Схоронив отца, Павел спросил Софью — хочет ли она узнать, что осталось от отца помимо сберкнижек: библиотека, охотничье снаряжение, микроскопы, спаниель. Софья немедленно заявила, что библиотеку заберет, а прочее брат может продать и деньги себе оставить: «У Митьки диплом, он, небось, большие деньги стоит». Сколько стоит русский спаниель с дипломом на двенадцатом году жизни, Павел примерно представлял, но книги отдал, лишь бы порвать поскорее последнюю ниточку, связывавшую Романовых и Глущенко. Таким образом, если не считать охотничьего снаряжения и Митьки, который на десятый день после смерти хозяина все же стал кое-что жрать — к великой радости любившей пса Кати, Павел получил в наследство только две пухлые папки с грамотами отца, еще одну со всякими документами, два микроскопа, две дюжины коробочек с рисовыми шедеврами, банку с рисом, на коем отец собирался, видать, начертать еще не одну славную главу, — ну, и сберкнижку, конечно.

Получалось так, что все семейные тайны, весьма интересовавшие романтически настроенного Павла, отец унес в могилу. Павел тщательно перебрал все бумаги и документы, перетряхнул книги, особенно те, что отдавались Софье, — ничего, ни малейшего следа истории семьи. Адрес лондонской тетки отец, конечно же, уничтожил. Письмо тоже.

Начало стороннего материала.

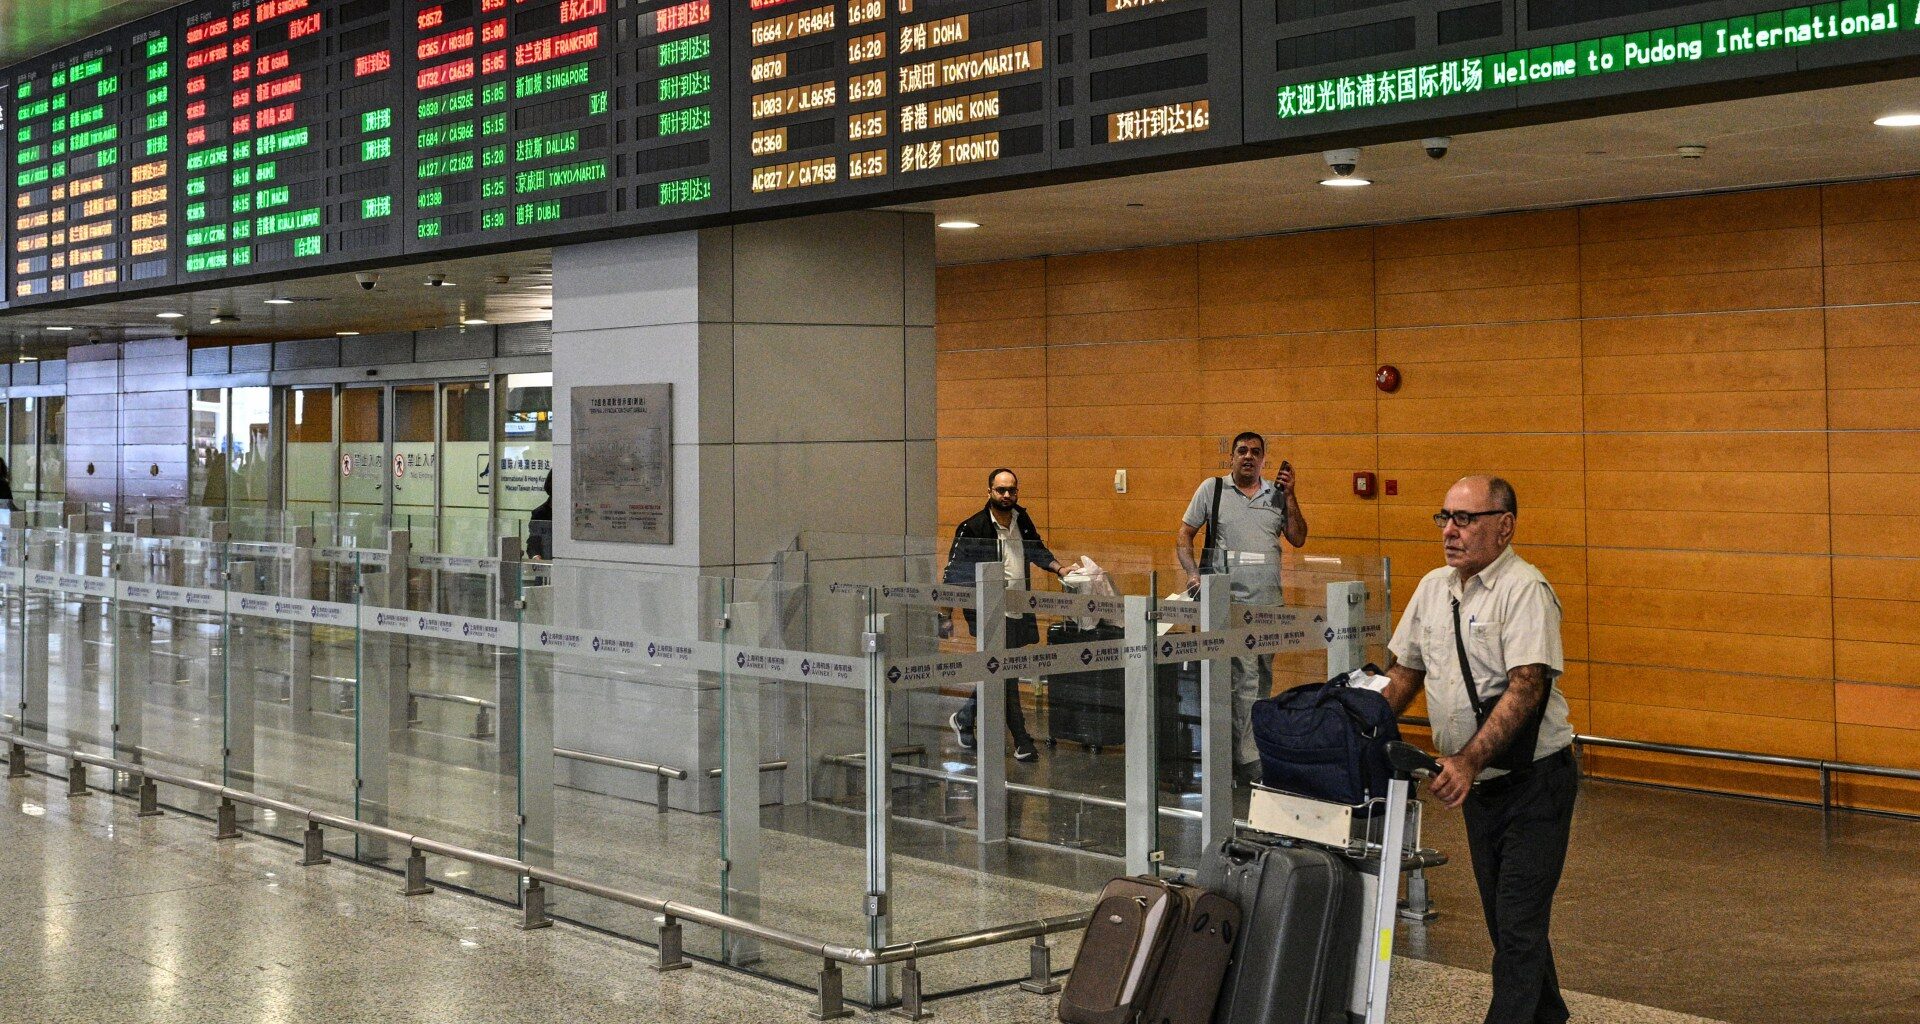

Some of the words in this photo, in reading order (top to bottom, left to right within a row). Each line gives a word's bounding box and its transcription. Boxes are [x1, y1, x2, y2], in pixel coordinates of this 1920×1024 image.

Через несколько дней, шестнадцатого, возвратившись с родительского собрания, мучась головной болью, разжевывая горькую таблетку, опустился Павел в отцовское кресло у «рисового» столика. Голова гудела нещадно. Тщетно попытавшись остудить лоб о поверхность положенного на стол оргстекла, Павел машинально включил подсветку под меньшим из микроскопов. Глянул в окуляр, настройка оказалась сбита, он покрутил колесико. На предметном столике лежало белое, чуть желтоватое, припорошенное уже пылью, рисовое зернышко. А на матовой его поверхности уверенным отцовским резцом было проставлено:

ПАША И СОНЯ, НЕ МЕЧИТЕ РИС ПЕРЕД СВИНЬЯМИ.

И больше — ни слова, хотя места на поверхности зернышка оставалось еще на пол-«Каштанки». Павел неловко взял пинцет из стаканчика, попробовал зернышко повернуть и уронил его на пол. Долго подбирал, снова водрузил на предметный столик вместе с клочьями пыли, — таковые под микроскопом приобрели хищный какой-то, чем-то даже тропический вид. Снова глянул.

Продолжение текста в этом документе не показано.